Der Oberste Gerichtshof hat als Revisionsgericht in Arbeits und Sozialrechtssachen durch die Senatspräsidentin des Obersten Gerichtshofs Dr. Fichtenau als Vorsitzende, den Hofrat Mag. Ziegelbauer und die Hofrätin Mag. Korn sowie die fachkundigen Laienrichter Mag. Manfred Joachimsthaler (aus dem Kreis der Arbeitgeber) und Christian Lewol (aus dem Kreis der Arbeitnehmer) als weitere Richter in der Arbeitsrechtssache der klagenden Partei *, gegen die beklagte Partei Land Steiermark, Hofgasse 15, 8010 Graz, vertreten durch Mag. Bernd Wurnig, Rechtsanwalt in Graz, wegen 460,08 EUR brutto sA, über die außerordentliche Revision der beklagten Partei gegen das Urteil des Oberlandesgerichts Graz als Berufungsgericht in Arbeits und Sozialrechtssachen vom 24. Mai 2022, GZ 7 Ra 79/21y 13, den
Beschluss
gefasst:
Die außerordentliche Revision wird gemäß § 508a Abs 2 ZPO mangels der Voraussetzungen des § 502 Abs 1 ZPO zurückgewiesen.
Begründung:
[1] Zwischen dem Kläger und der Beklagten besteht ein Dienstverhältnis, das dem „Dienst und Besoldungsrecht der Bediensteten des Landes Steiermark“ (Stmk L DBR) unterliegt.
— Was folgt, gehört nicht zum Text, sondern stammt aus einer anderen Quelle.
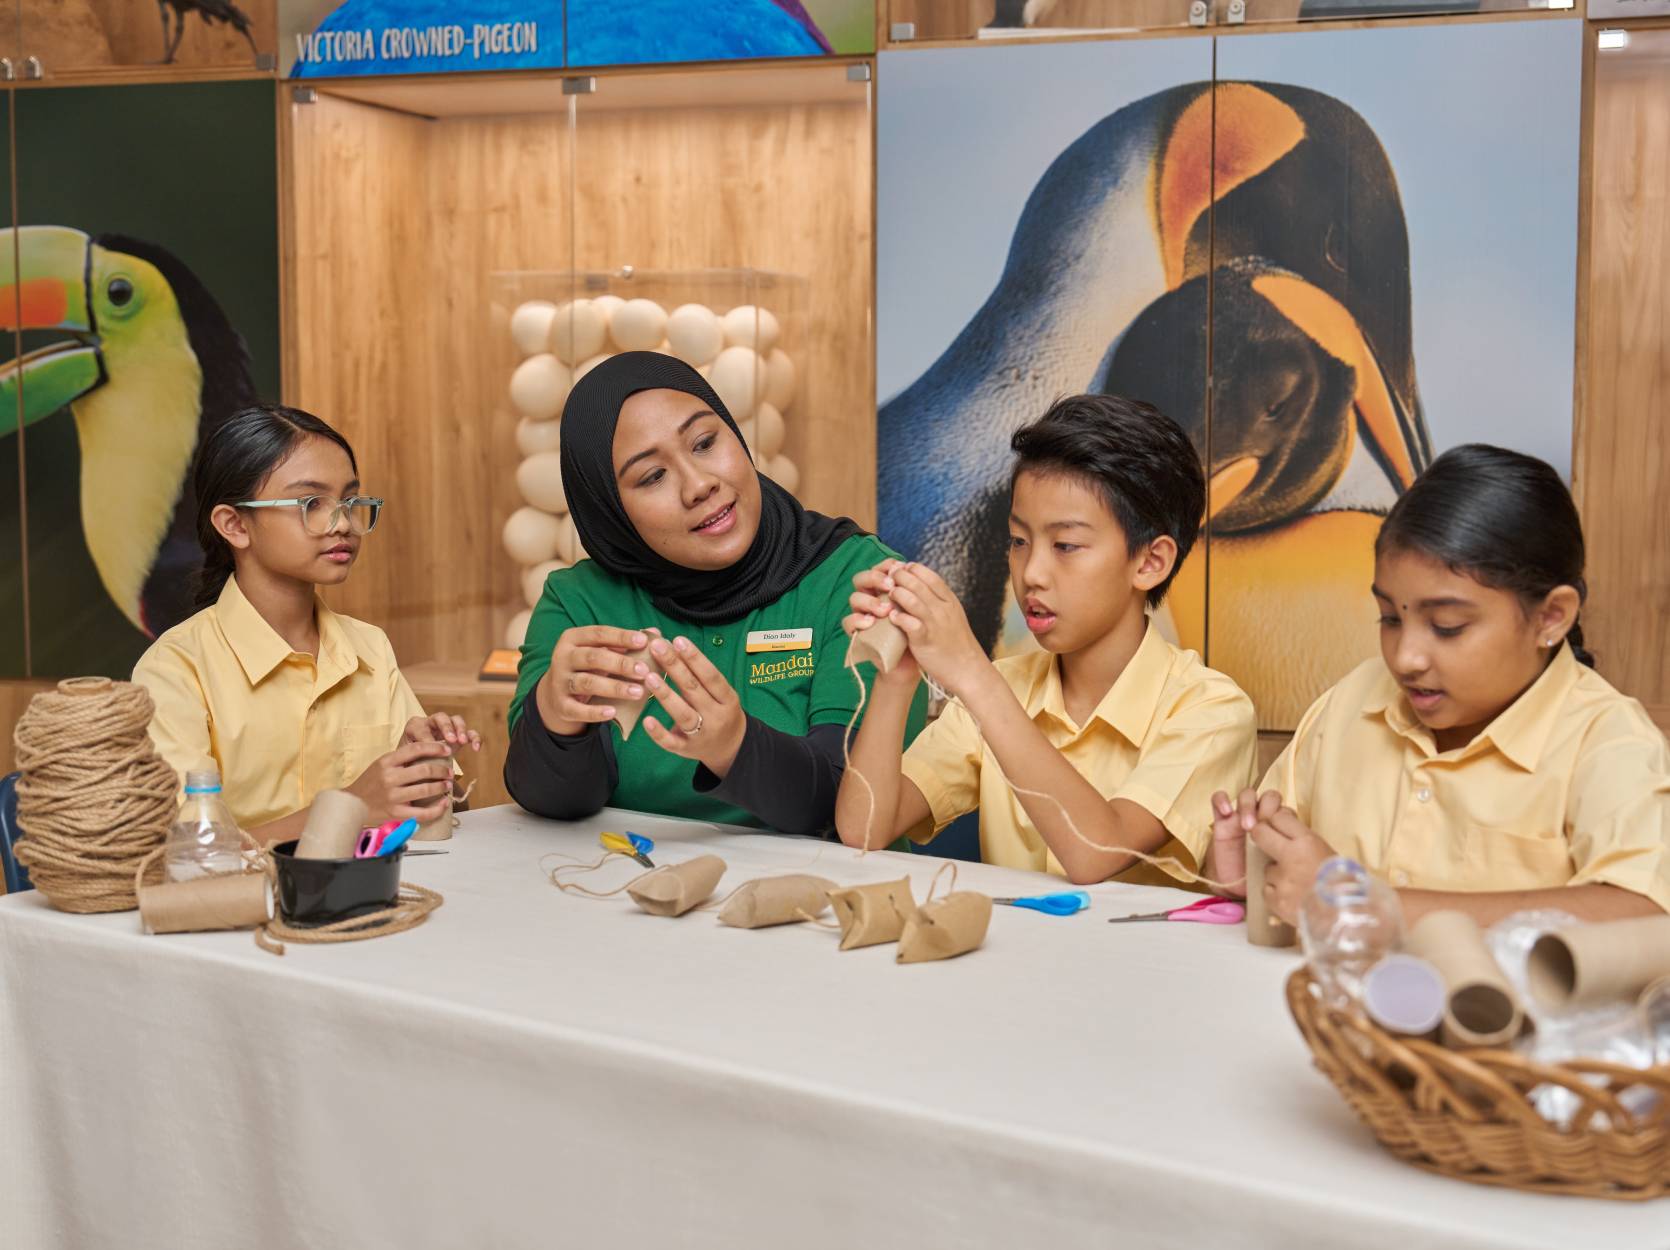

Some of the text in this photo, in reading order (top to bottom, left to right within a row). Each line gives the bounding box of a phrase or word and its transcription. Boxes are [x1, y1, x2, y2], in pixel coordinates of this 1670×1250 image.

[296, 21, 537, 64] VICTORIA CROWNED-PIGEON
[749, 668, 815, 685] WILDLIFE GROUP
[751, 652, 815, 677] Mandai
[2] Der Kläger war von 13. 11. bis 21. 11. 2020 als „K1 Person“ auf Basis der §§ 1, 5, 6, 7 und 17 des Epidemiegesetzes 1950 (EpiG) in der geltenden Fassung per Bescheid abgesondert. In diesem Zeitraum hätte er bei Erbringung der Arbeitsleistung einen Anspruch auf eine Journaldienstvergütung von 332,05 EUR brutto und eine Sonntagsvergütung von 128,03 EUR brutto gehabt.
[3] Der Kläger begehrt gestützt auf § 32 Abs 3 EpiG die Zahlung dieser Beträge.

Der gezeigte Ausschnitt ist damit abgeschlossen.